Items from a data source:
Start of Block

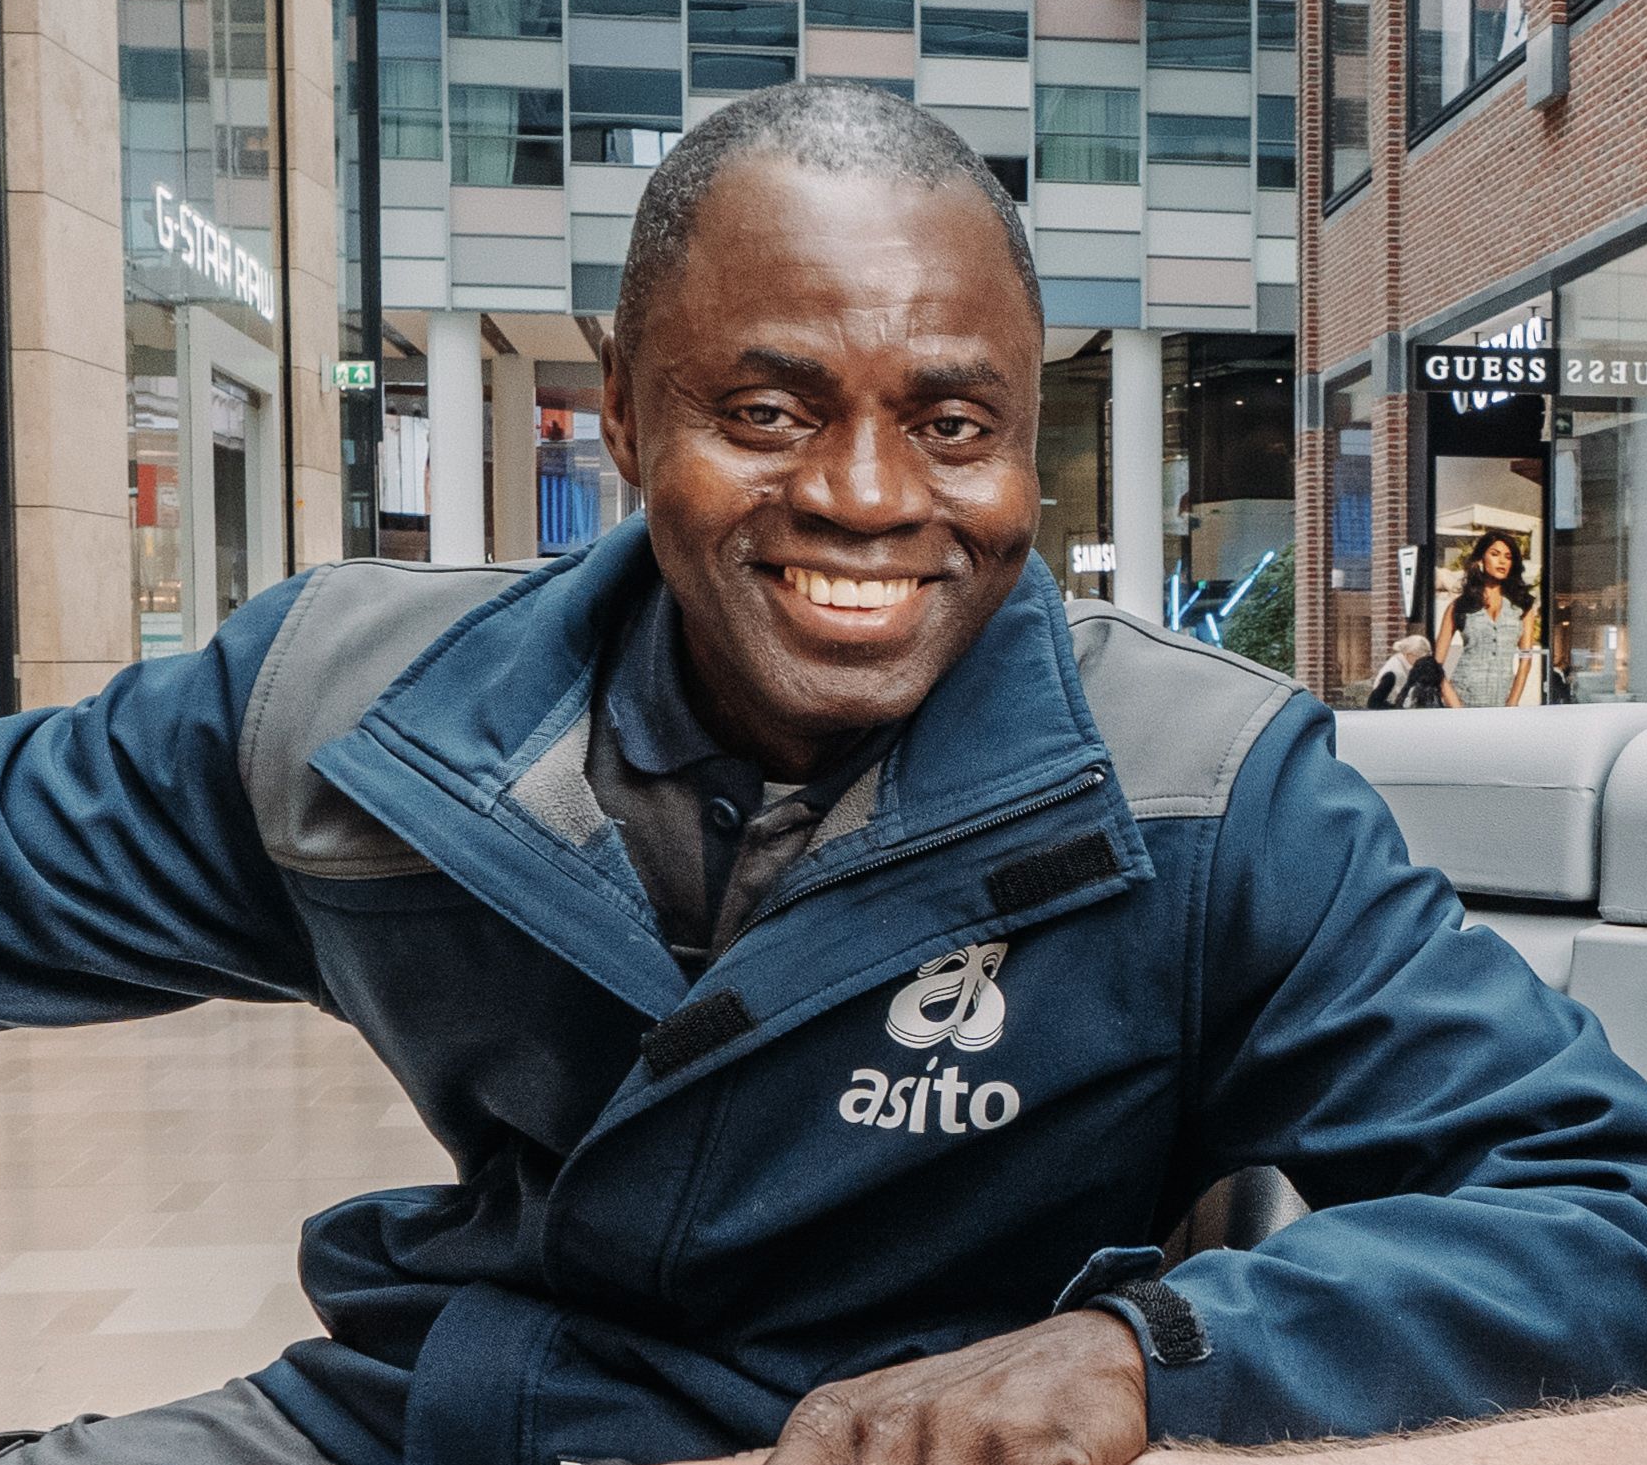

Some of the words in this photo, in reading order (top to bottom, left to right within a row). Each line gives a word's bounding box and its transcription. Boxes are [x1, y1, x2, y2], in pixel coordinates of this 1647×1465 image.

[156, 186, 232, 287] G-STAR
[235, 247, 274, 321] RAW
[1425, 355, 1546, 383] GUESS
[838, 1056, 1021, 1134] asito
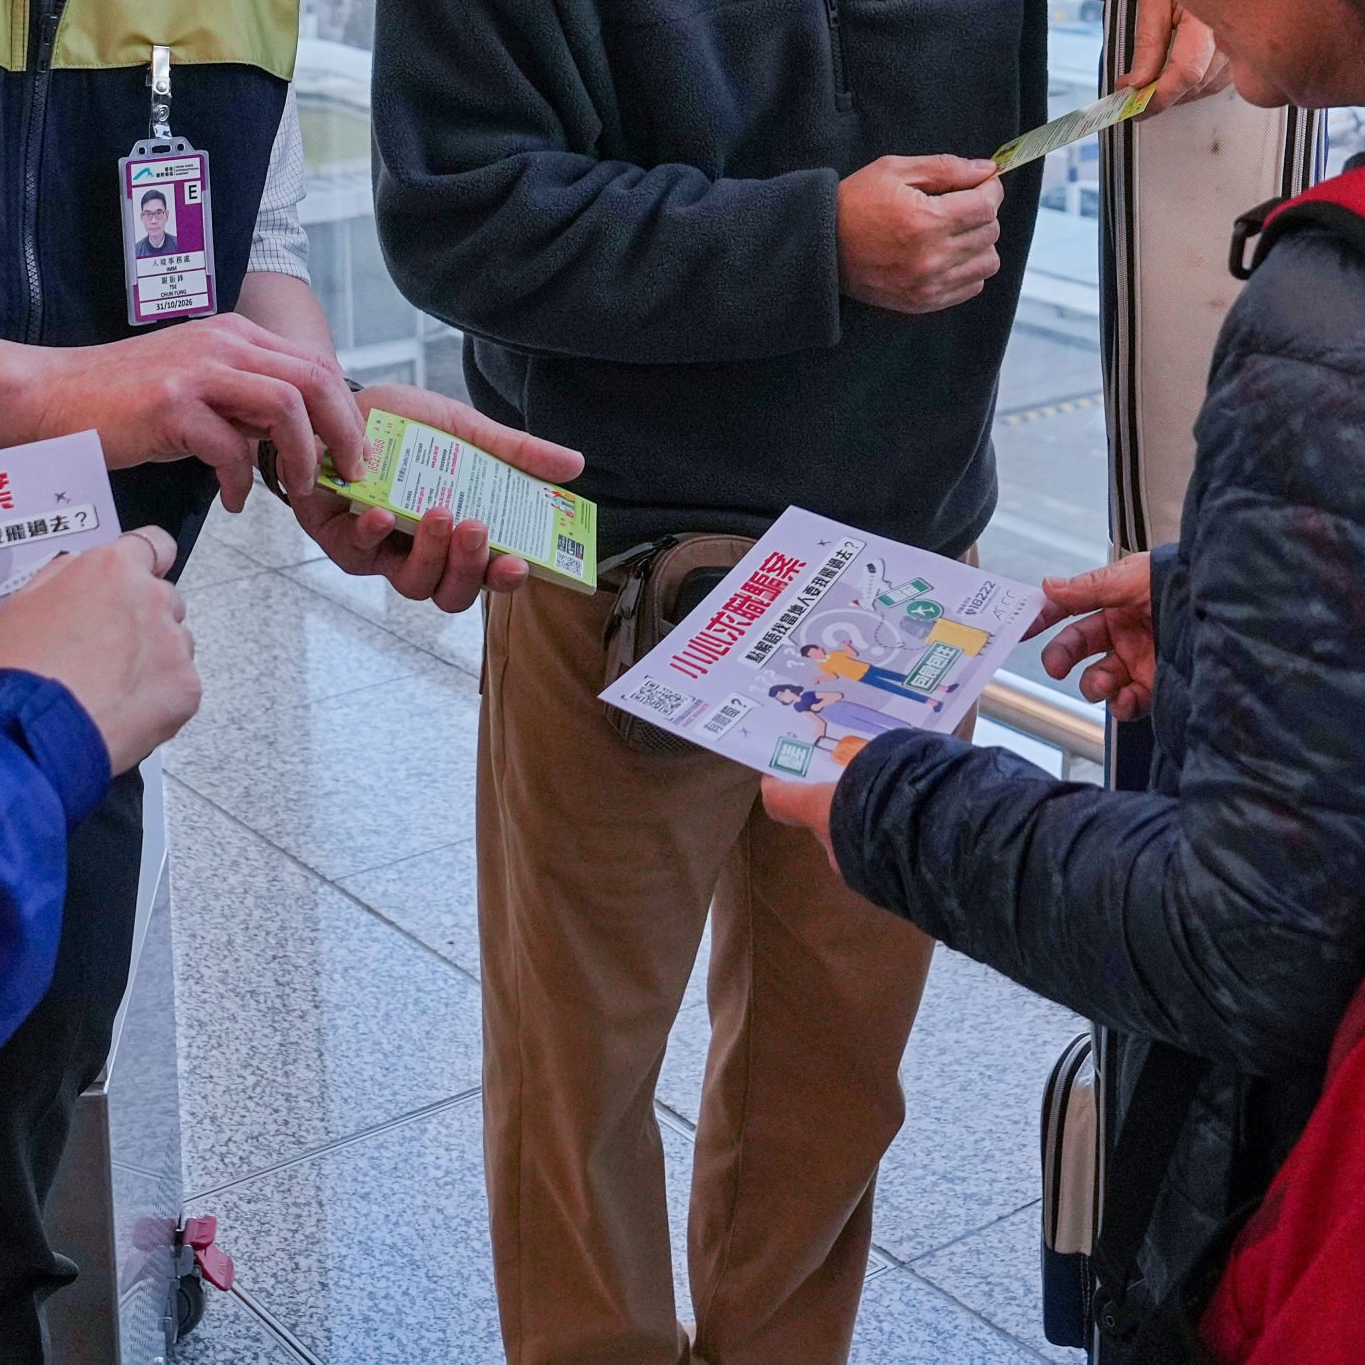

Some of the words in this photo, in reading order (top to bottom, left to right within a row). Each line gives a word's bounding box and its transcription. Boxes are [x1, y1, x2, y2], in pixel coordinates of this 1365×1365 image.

[188, 184, 198, 200] E
[156, 298, 193, 311] 31/10/2026
[669, 551, 807, 679] 小心求職騙案

End of Block

_PROBLEM DESCRIPTION_
Output, and output only, the lines from the one containing "this 1365×1365 image." through the last line of the data above.

_RESPONSE BOX_
Some of the words in this photo, in reading order (top to bottom, left to right within a row). Each line gives a word's bounding box and its transcription. Boxes are [x1, y1, x2, y2], in pixel coordinates of this 1365×1365 image.

[188, 184, 198, 200] E
[156, 298, 193, 311] 31/10/2026
[669, 551, 807, 679] 小心求職騙案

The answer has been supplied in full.